CASHBOX Magazine has a rich history dating back to the 1940's. As you can imagine thousands of artists have passed through our doors. You can see them in our archivepages. We realized that for various reasons many deserving artists quickly became a thing of the past and have long been forgotten. Others have continued to stay in the mainstream to this day. With the New CASHBOX Hall Of Fame we are going to level the playing field and awards will be presented based on strict criteria by industry veterans.
Initially we will present awards for those still alive from the 30's forward. We will also induct four posthumous awards each month. Inductees will be chosen by industry professionals at CASHBOX and Record World Magazine as well as outside music veterans who have been instrumental in driving this initiative.
Our goal is simple. Give recognition that is earned, not bought while creating a music ecosystem that is genre based and NOT a melting pot of other Hall of Fame collections. It will be accurate, consistent and we will also reach out to the public for their input and suggestions.
We believe that this interactive approach will build excitement and recognition around the world.

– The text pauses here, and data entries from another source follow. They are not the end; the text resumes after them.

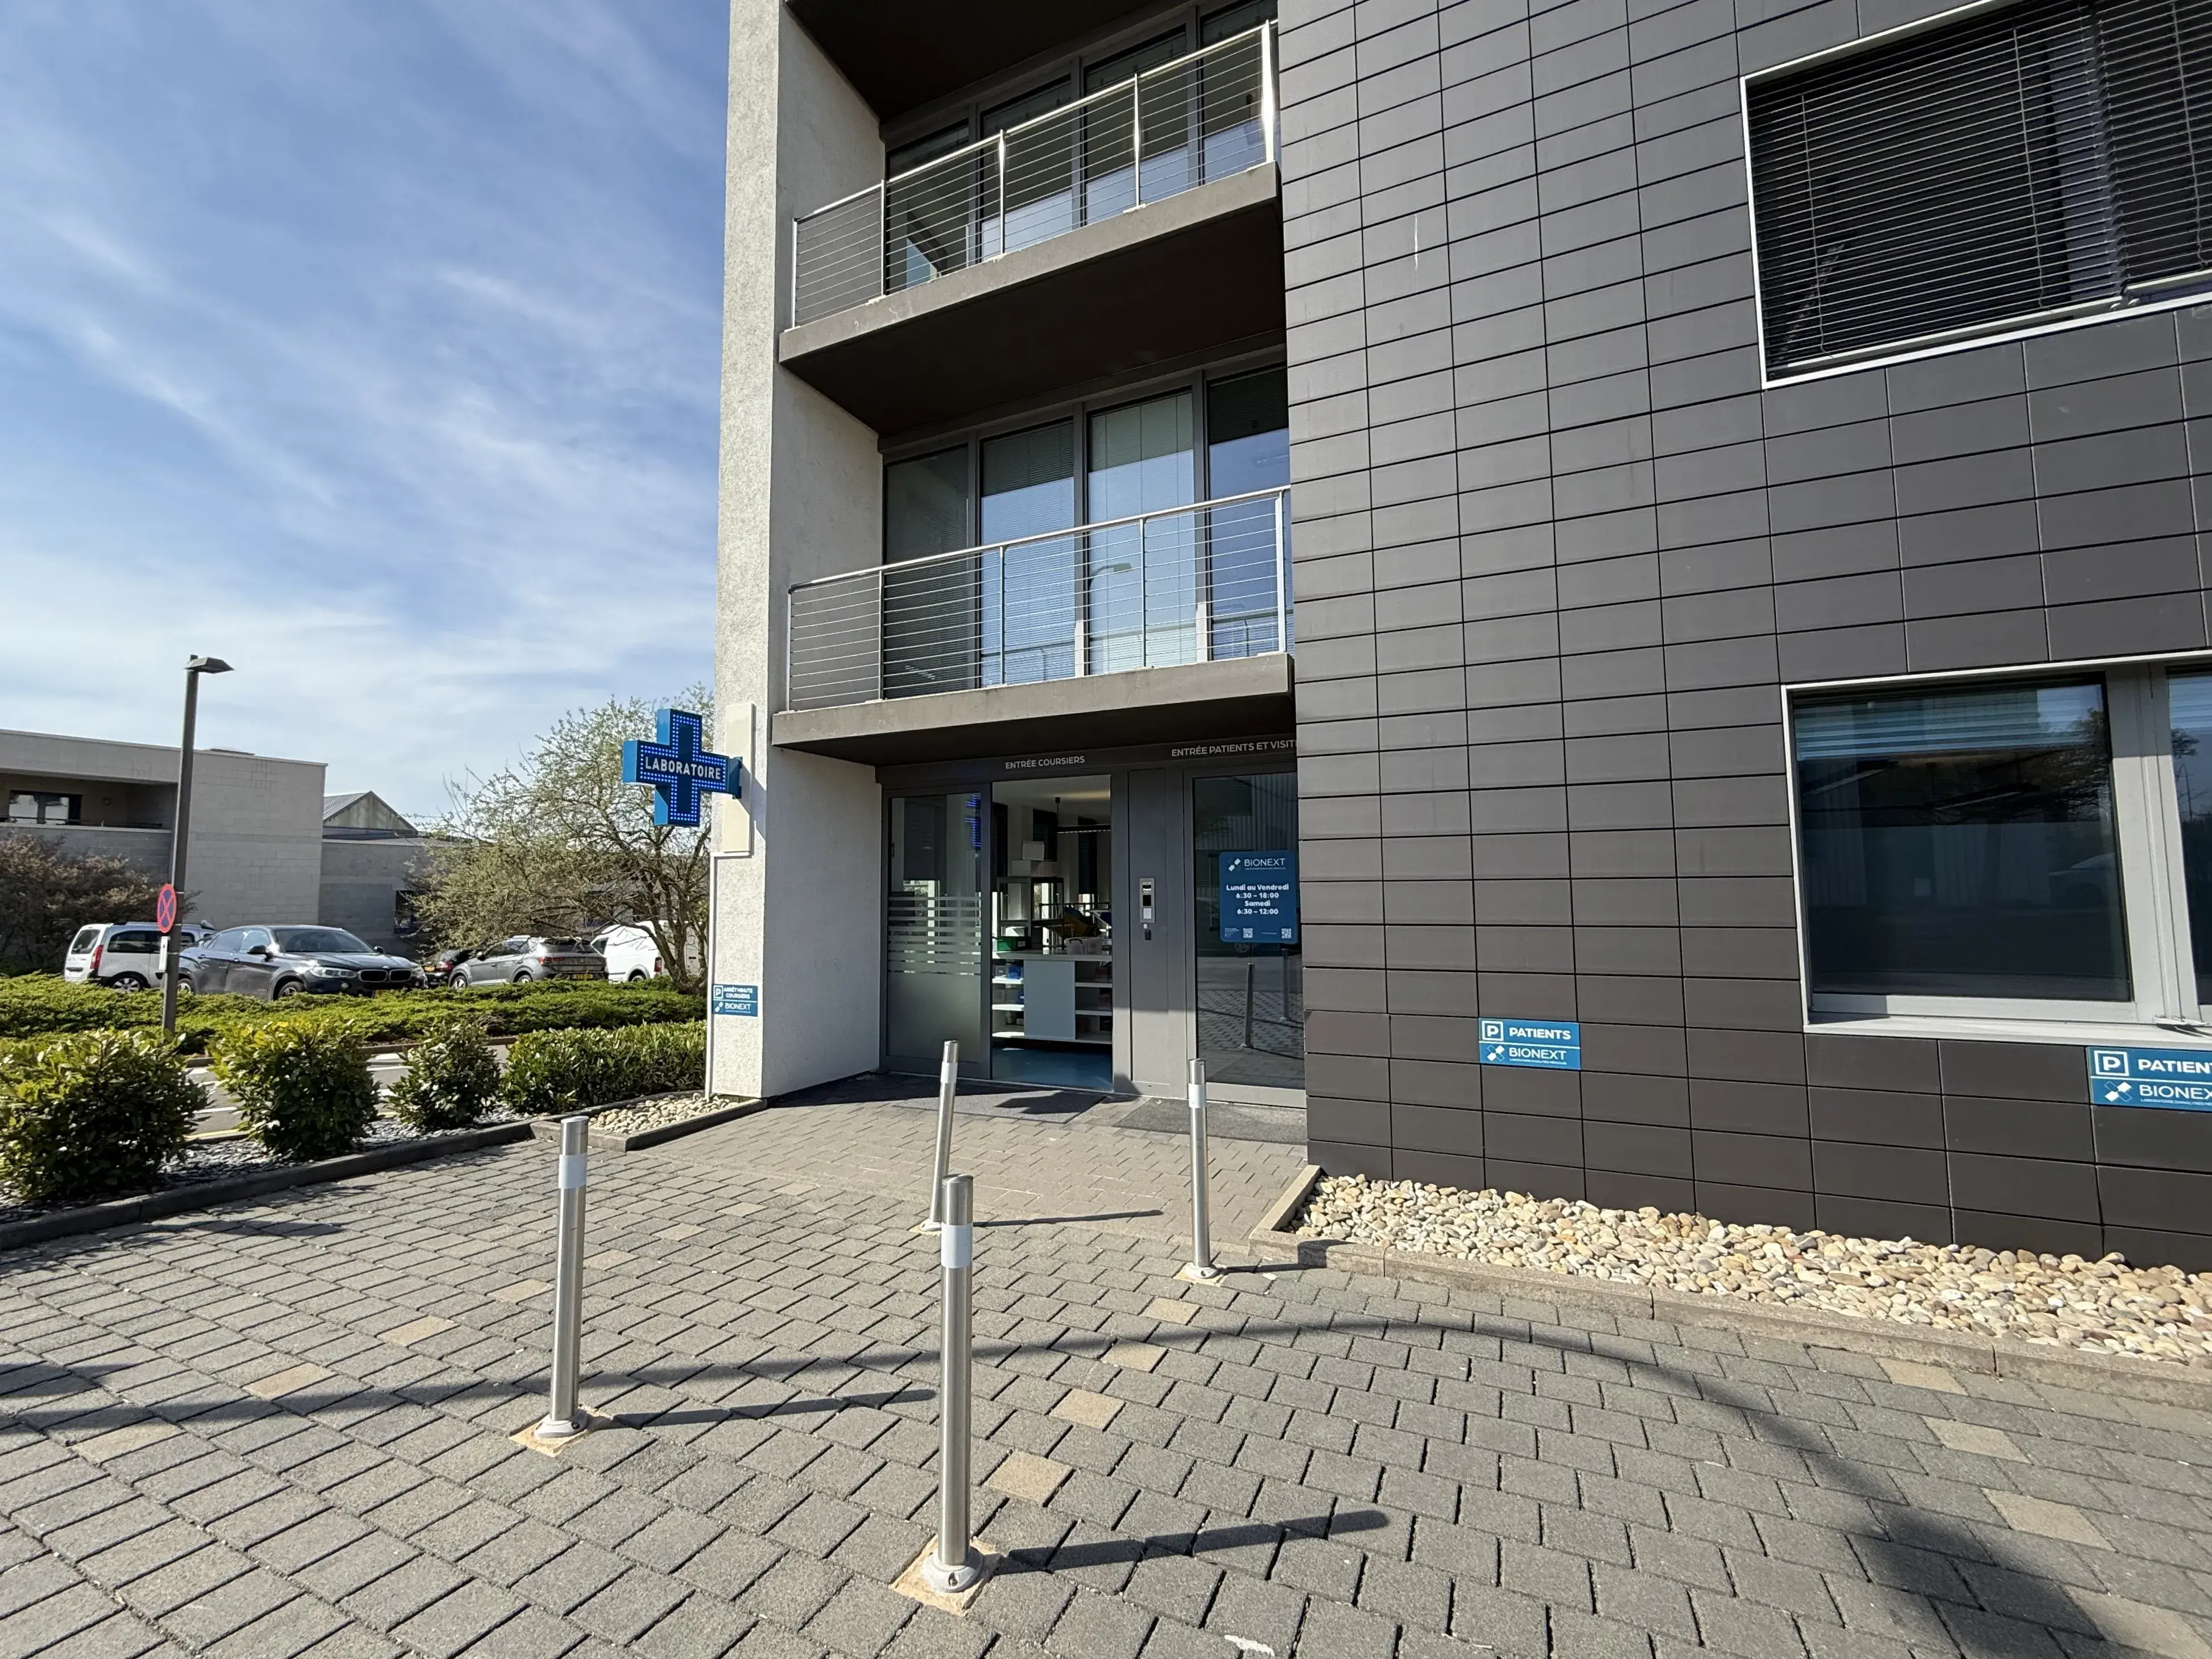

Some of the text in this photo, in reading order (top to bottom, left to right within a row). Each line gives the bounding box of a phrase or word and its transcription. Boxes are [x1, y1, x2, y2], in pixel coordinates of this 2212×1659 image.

[1171, 739, 1297, 757] ENTRÉE PATIENTS ET VISIT
[645, 756, 721, 780] LABORATOIRE
[1005, 756, 1085, 769] ENTRÉE COURSIERS
[1244, 858, 1286, 867] BIONEXT
[1487, 1025, 1499, 1037] P
[1509, 1027, 1572, 1040] PATIENTS
[1509, 1047, 1567, 1060] BIONEXT
[2102, 1056, 2121, 1071] P
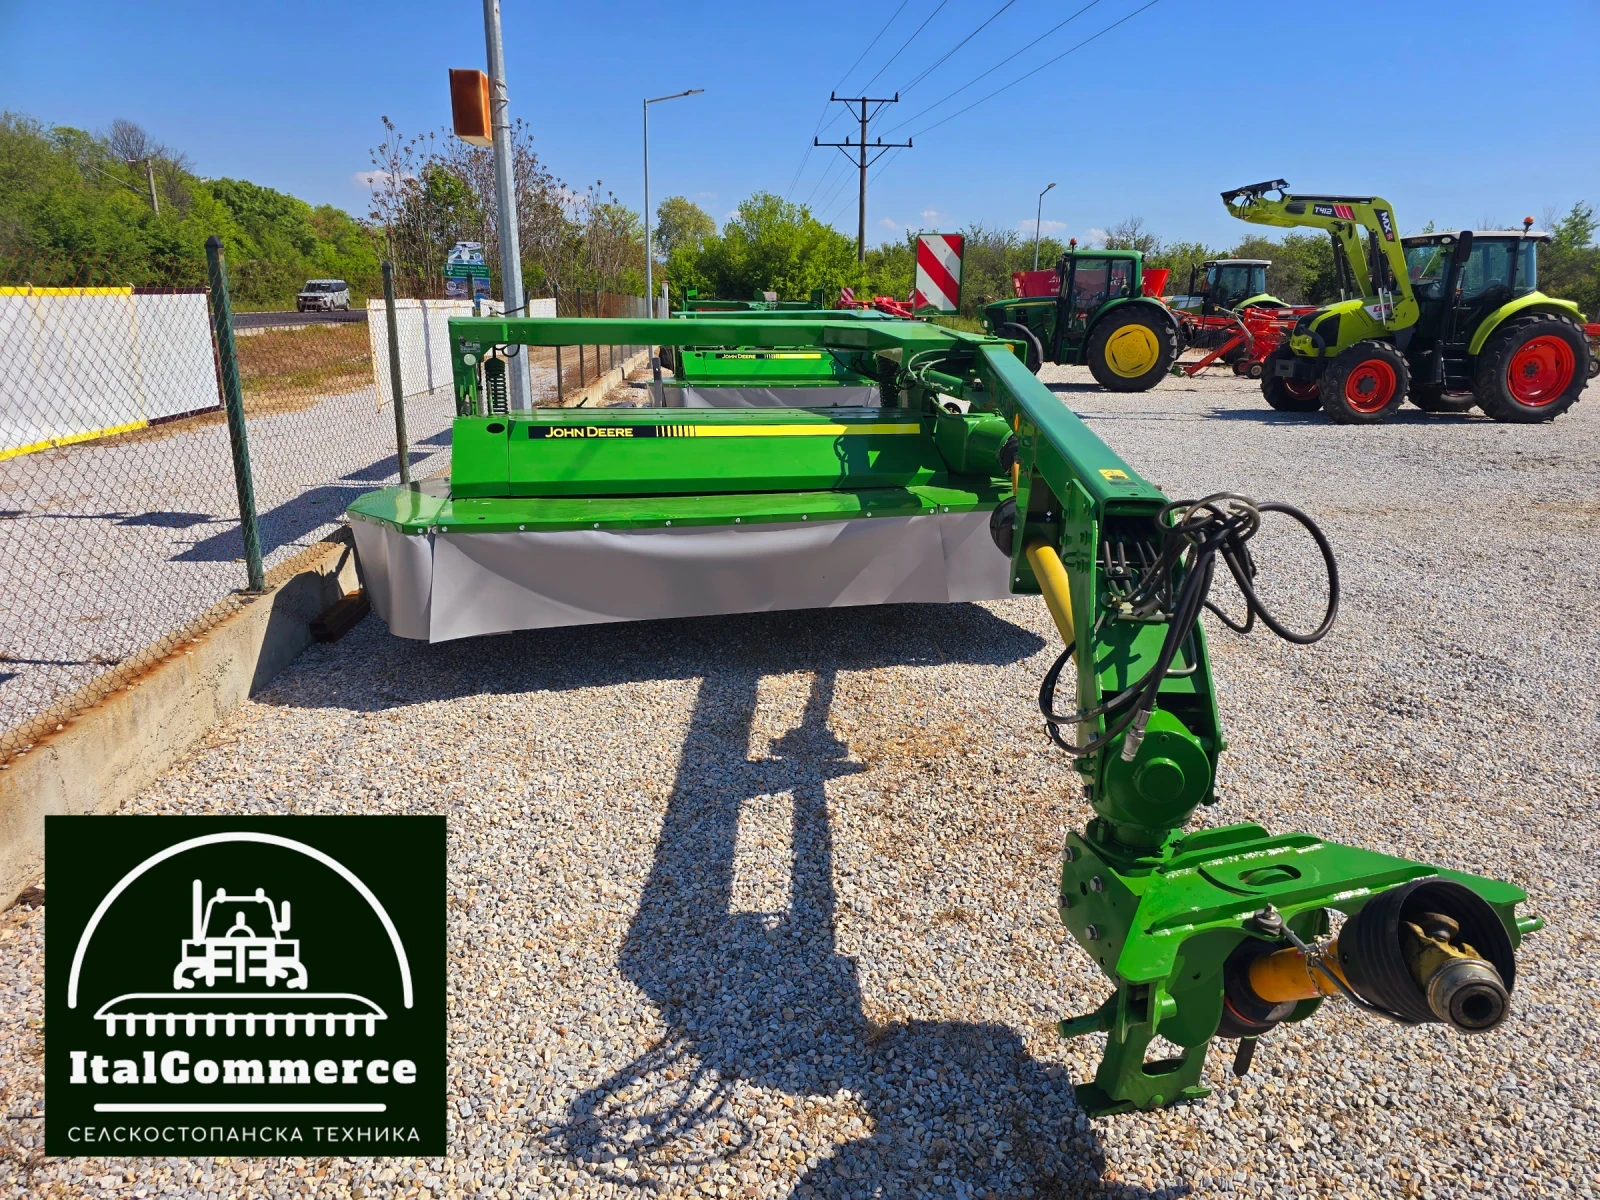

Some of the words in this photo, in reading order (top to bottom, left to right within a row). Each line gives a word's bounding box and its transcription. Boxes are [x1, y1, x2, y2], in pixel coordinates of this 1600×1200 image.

[1315, 206, 1333, 215] T412
[1381, 211, 1392, 233] MX
[545, 426, 585, 438] JOHN
[586, 426, 634, 438] DEERE
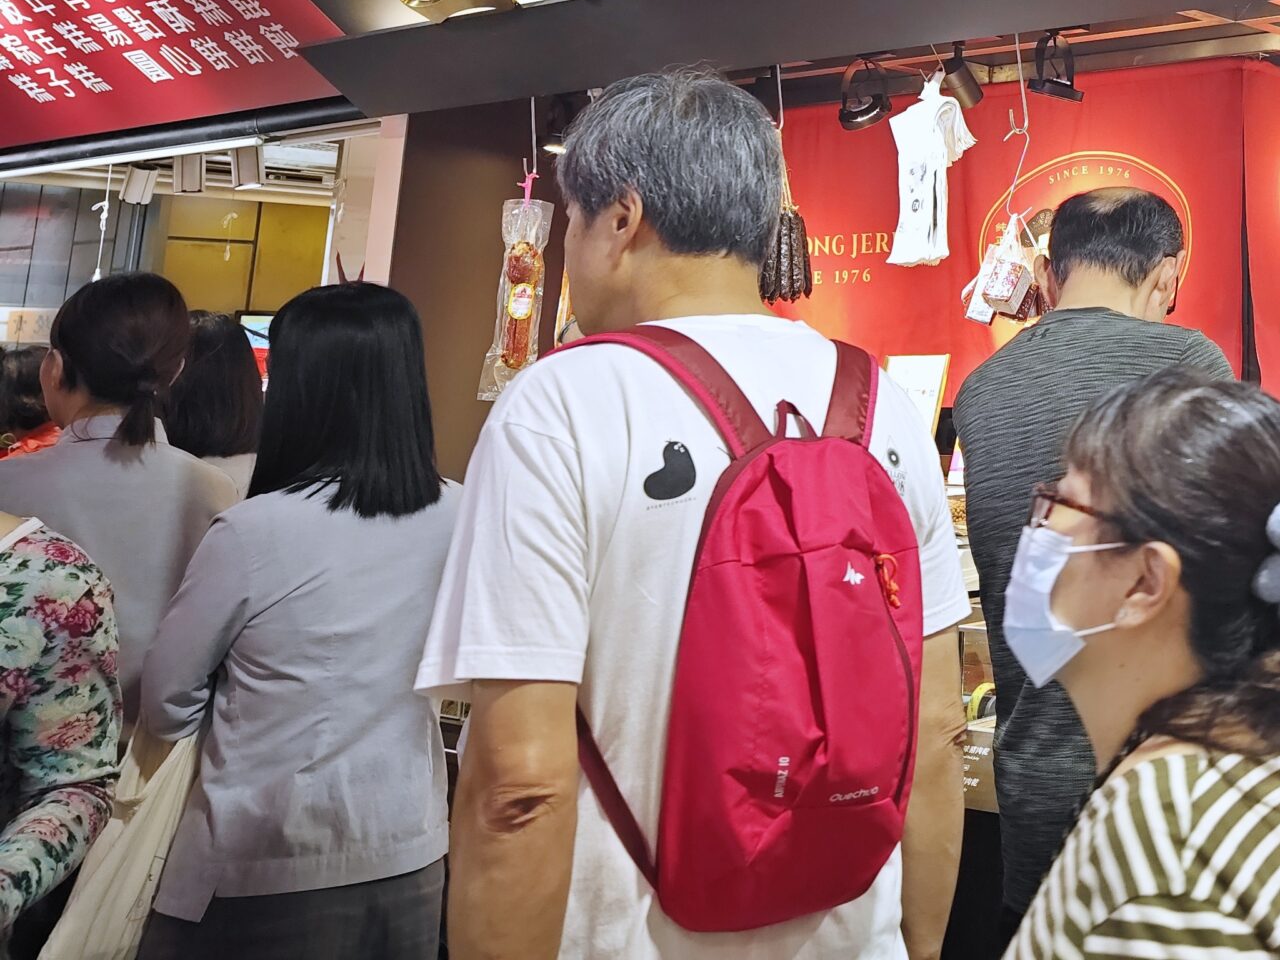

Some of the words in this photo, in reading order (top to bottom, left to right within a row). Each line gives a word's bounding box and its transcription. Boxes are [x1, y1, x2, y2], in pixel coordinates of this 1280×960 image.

[1048, 165, 1089, 185] SINCE
[1099, 165, 1131, 179] 1976
[851, 231, 898, 259] JER
[834, 268, 871, 284] 1976

The Allman Brothers Band combined deeply Southern strains of music — blues, country, and gospel — with boisterous rock & roll and their jazzy, jam-oriented style. Thus they created the "New South" sound, drafting a template to be used for decades by everyone from Lynyrd Skynyrd and the Marshall Tucker Band to My Morning Jacket and the Drive-By Truckers. Brothers Gregg and Duane Allman grew up in Daytona Beach, Florida, and played in various bands until 1963, when they formed the Escorts, which became the Allman Joys in 1965. After their version of Willie Dixon's "Spoonful" failed as a single, the two brothers and three other band members went to L.A., where they signed with Liberty Records as the Hourglass. They recorded two albums (Hourglass, 1967, and Power of Love, 1968) before heading to Muscle Shoals, Alabama, to record at Fame Studios. Liberty rejected the resulting tapes, and Duane and Gregg returned to Florida, staying in Jacksonville. Soon after, the brothers joined the 31st of February, whose drummer was Butch Trucks. After recording an album, Gregg went back to L.A. to make good on the Liberty contract. Duane stayed in Jacksonville, where he began playing with the Second Coming.